**Task to complete**
For every record below, repeat the text exactly and pass over any image.

[Opening Input for this task section]

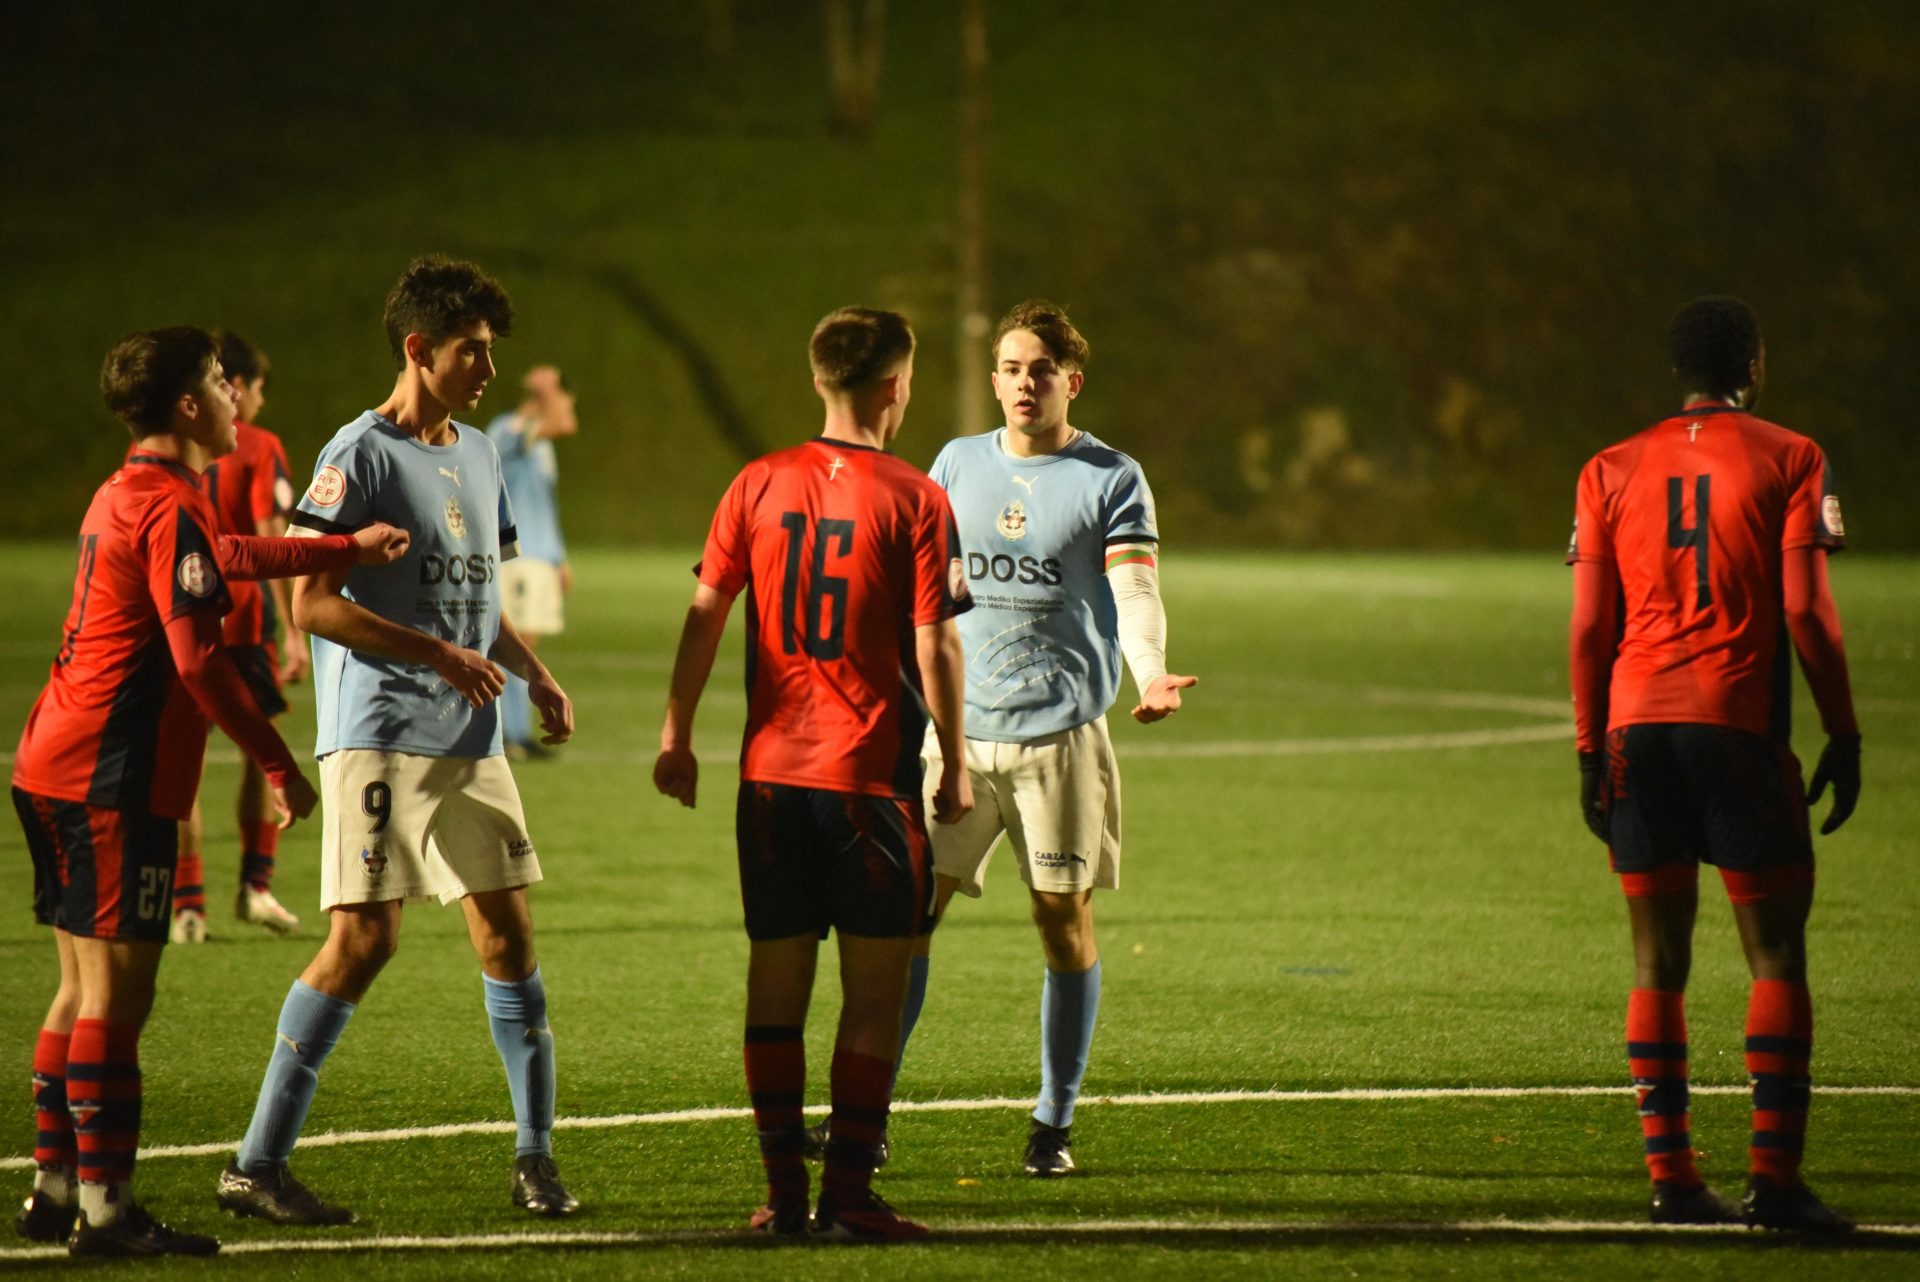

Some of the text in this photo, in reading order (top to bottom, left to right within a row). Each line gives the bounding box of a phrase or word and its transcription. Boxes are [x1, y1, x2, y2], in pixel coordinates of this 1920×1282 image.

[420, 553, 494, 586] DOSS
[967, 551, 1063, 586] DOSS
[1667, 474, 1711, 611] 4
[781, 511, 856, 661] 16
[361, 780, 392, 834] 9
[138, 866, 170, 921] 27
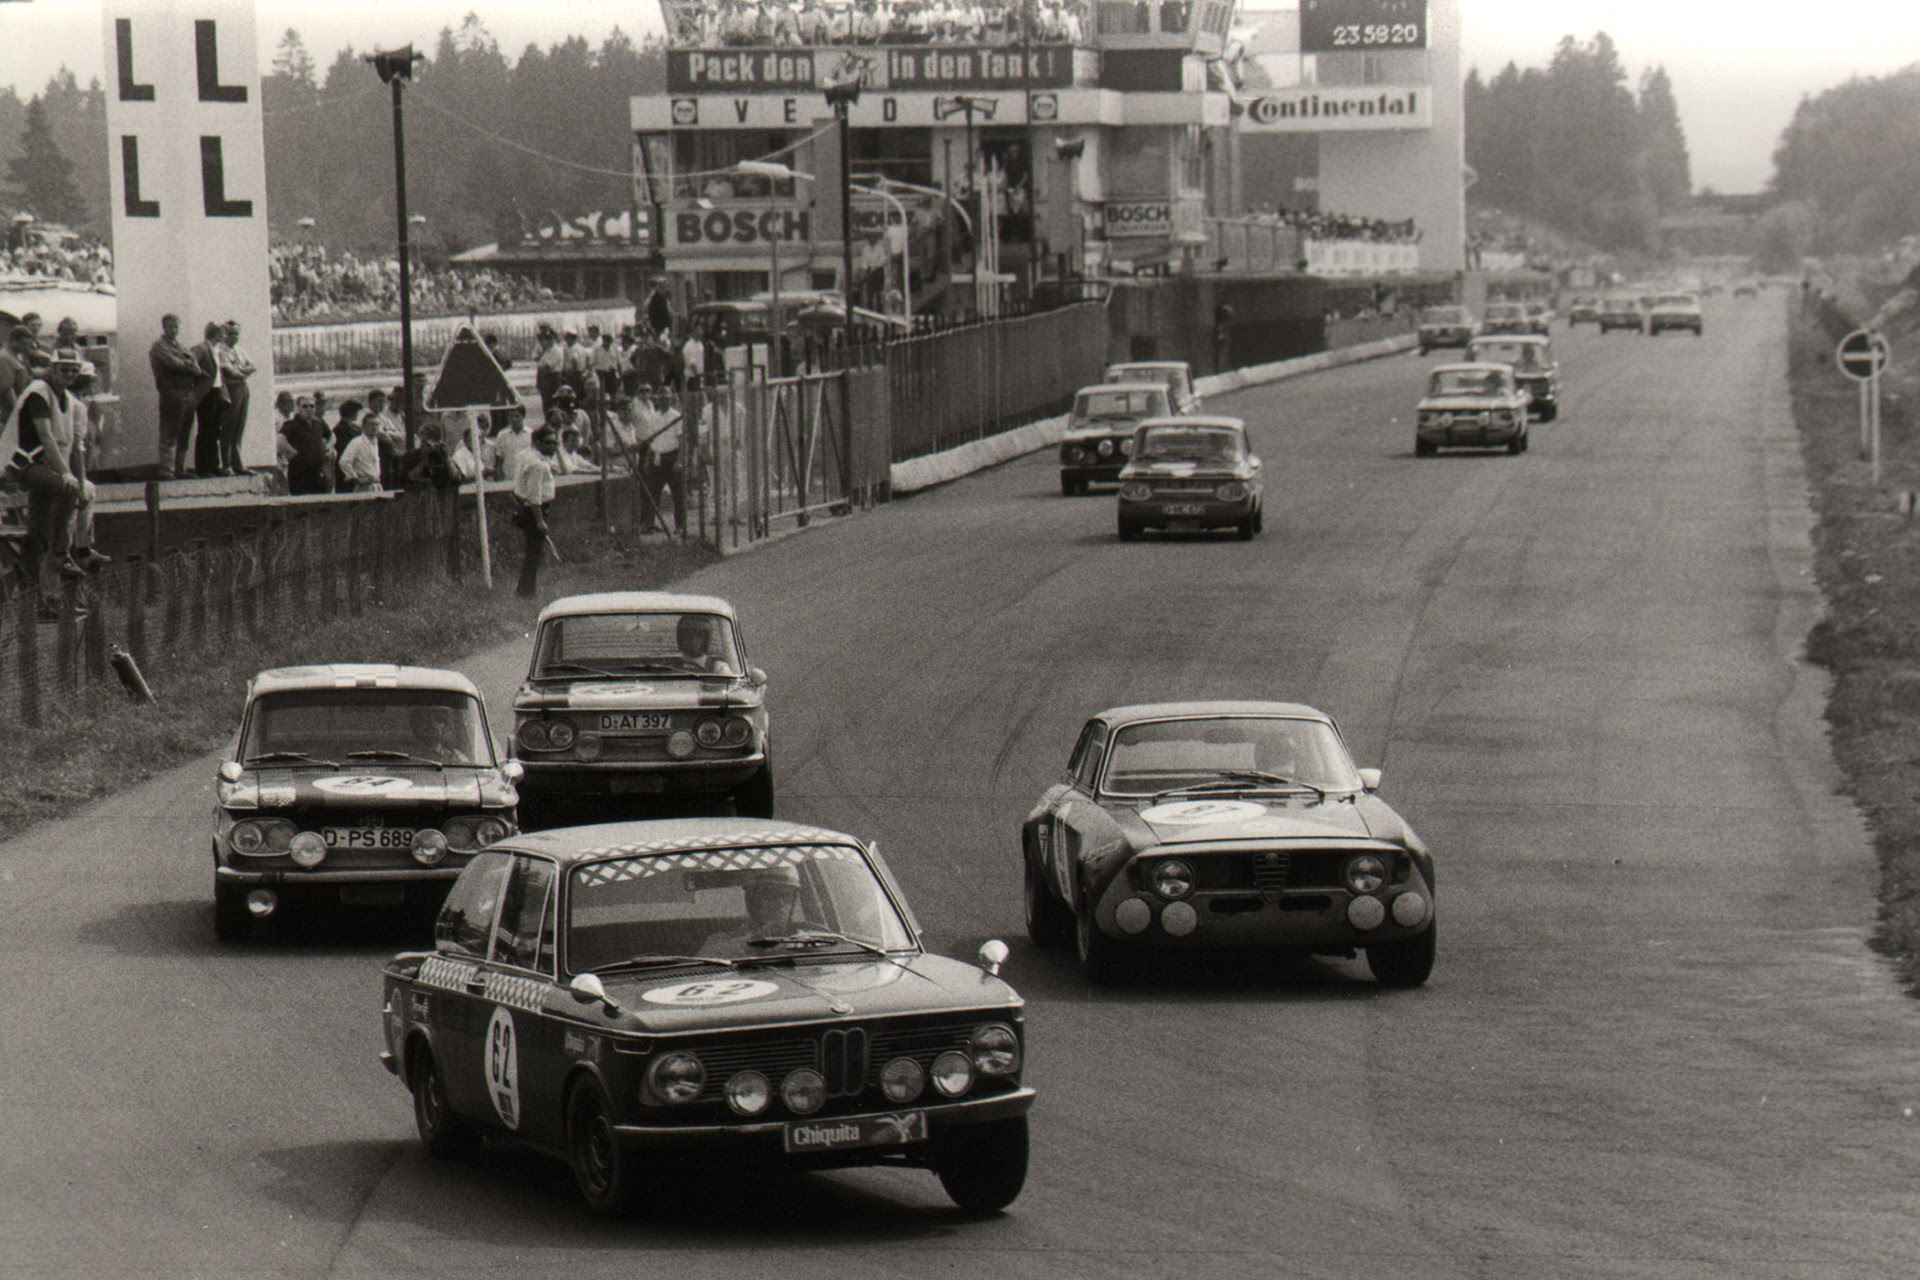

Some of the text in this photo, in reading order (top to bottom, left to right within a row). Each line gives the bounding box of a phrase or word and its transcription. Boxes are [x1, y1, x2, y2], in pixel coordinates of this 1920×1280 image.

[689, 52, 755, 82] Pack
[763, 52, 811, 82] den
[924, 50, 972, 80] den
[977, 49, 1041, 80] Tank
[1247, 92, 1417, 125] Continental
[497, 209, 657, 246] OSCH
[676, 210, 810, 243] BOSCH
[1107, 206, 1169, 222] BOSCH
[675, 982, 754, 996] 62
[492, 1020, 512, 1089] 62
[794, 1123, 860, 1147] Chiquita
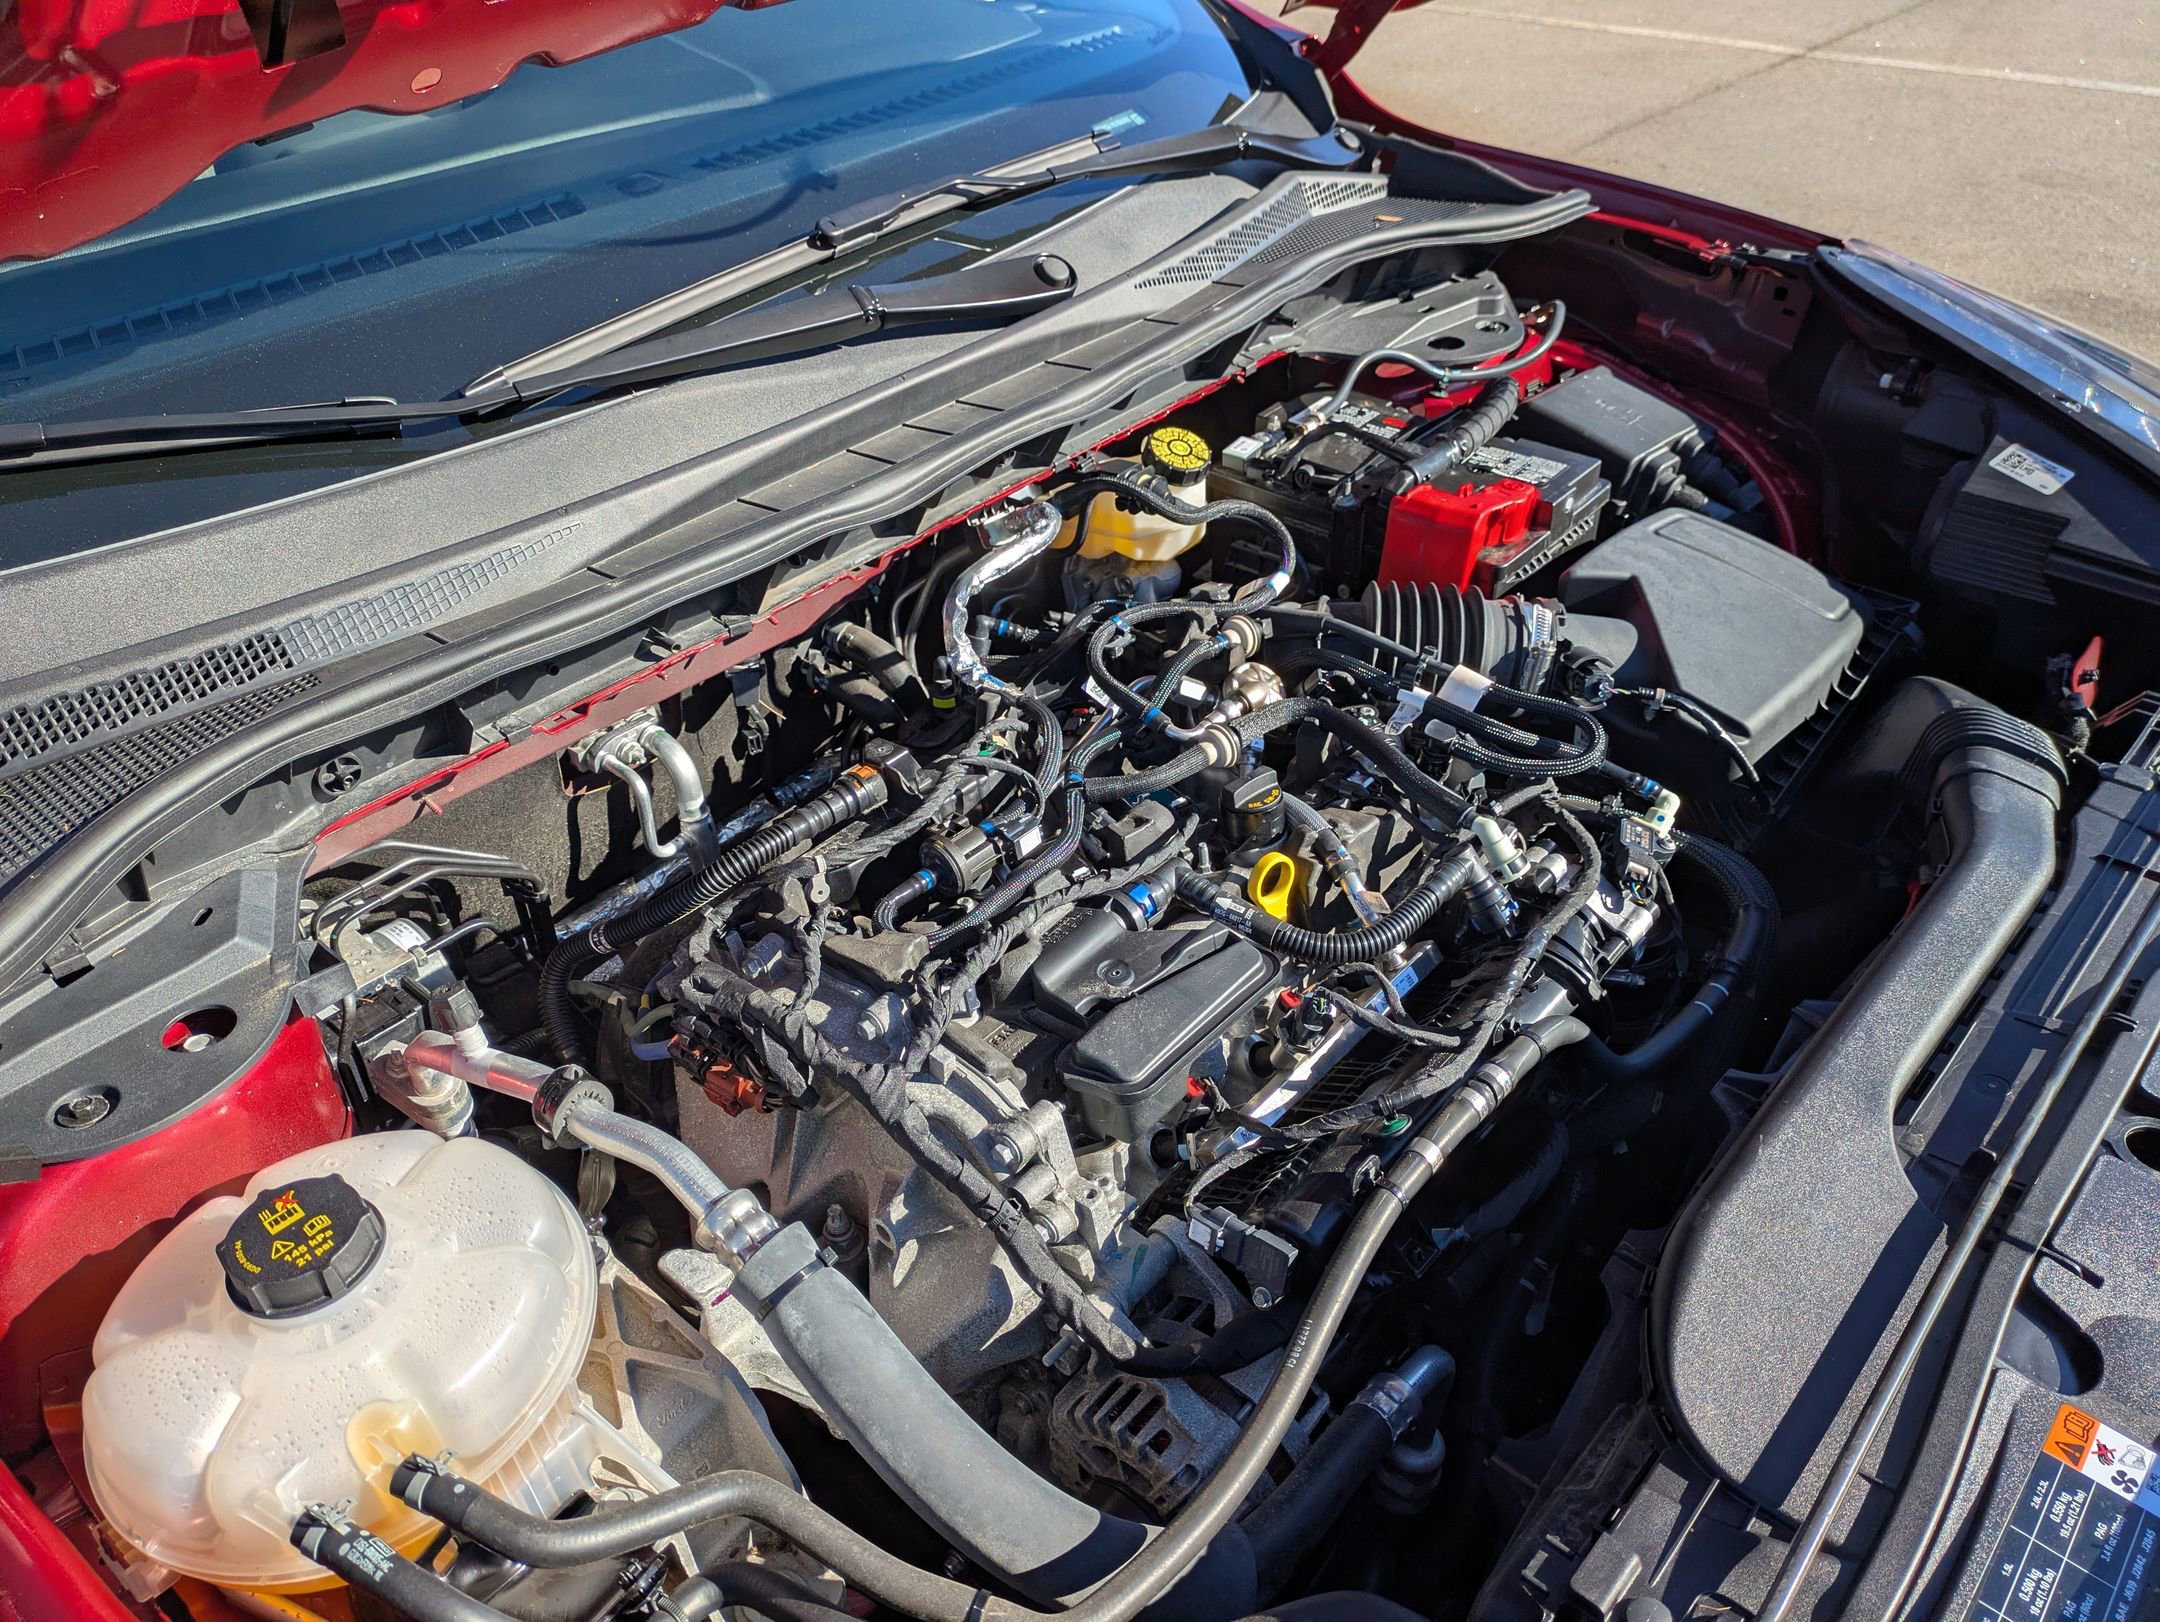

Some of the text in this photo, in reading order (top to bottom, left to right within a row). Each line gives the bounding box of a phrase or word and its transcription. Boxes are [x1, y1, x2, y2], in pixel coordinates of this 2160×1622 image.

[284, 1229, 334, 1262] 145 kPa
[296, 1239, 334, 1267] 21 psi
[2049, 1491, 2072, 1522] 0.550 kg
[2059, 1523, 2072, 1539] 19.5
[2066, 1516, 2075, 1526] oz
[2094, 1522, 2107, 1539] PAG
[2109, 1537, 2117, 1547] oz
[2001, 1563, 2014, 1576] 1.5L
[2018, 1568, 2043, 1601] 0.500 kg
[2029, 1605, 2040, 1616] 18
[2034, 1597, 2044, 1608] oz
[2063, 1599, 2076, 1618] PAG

[Closing Input for this task section]

**Answer below**
Some of the text in this photo, in reading order (top to bottom, left to right within a row). Each line gives the bounding box of a phrase or word and its transcription. Boxes are [x1, y1, x2, y2], in pixel coordinates of this 1920×1282 image.

[420, 553, 494, 586] DOSS
[967, 551, 1063, 586] DOSS
[1667, 474, 1711, 611] 4
[781, 511, 856, 661] 16
[361, 780, 392, 834] 9
[138, 866, 170, 921] 27

Some of the text in this photo, in reading order (top to bottom, left to right within a row). Each line gives the bounding box of a phrase or word and its transcription. Boxes are [x1, y1, x2, y2], in pixel coordinates of this 1920×1280 image.

[689, 52, 755, 82] Pack
[763, 52, 811, 82] den
[924, 50, 972, 80] den
[977, 49, 1041, 80] Tank
[1247, 92, 1417, 125] Continental
[497, 209, 657, 246] OSCH
[676, 210, 810, 243] BOSCH
[1107, 206, 1169, 222] BOSCH
[675, 982, 754, 996] 62
[492, 1020, 512, 1089] 62
[794, 1123, 860, 1147] Chiquita

Some of the text in this photo, in reading order (top to bottom, left to right within a row). Each line gives the bounding box of a phrase or word and its transcription. Boxes are [x1, y1, x2, y2], in pixel coordinates of this 2160×1622 image.

[284, 1229, 334, 1262] 145 kPa
[296, 1239, 334, 1267] 21 psi
[2049, 1491, 2072, 1522] 0.550 kg
[2059, 1523, 2072, 1539] 19.5
[2066, 1516, 2075, 1526] oz
[2094, 1522, 2107, 1539] PAG
[2109, 1537, 2117, 1547] oz
[2001, 1563, 2014, 1576] 1.5L
[2018, 1568, 2043, 1601] 0.500 kg
[2029, 1605, 2040, 1616] 18
[2034, 1597, 2044, 1608] oz
[2063, 1599, 2076, 1618] PAG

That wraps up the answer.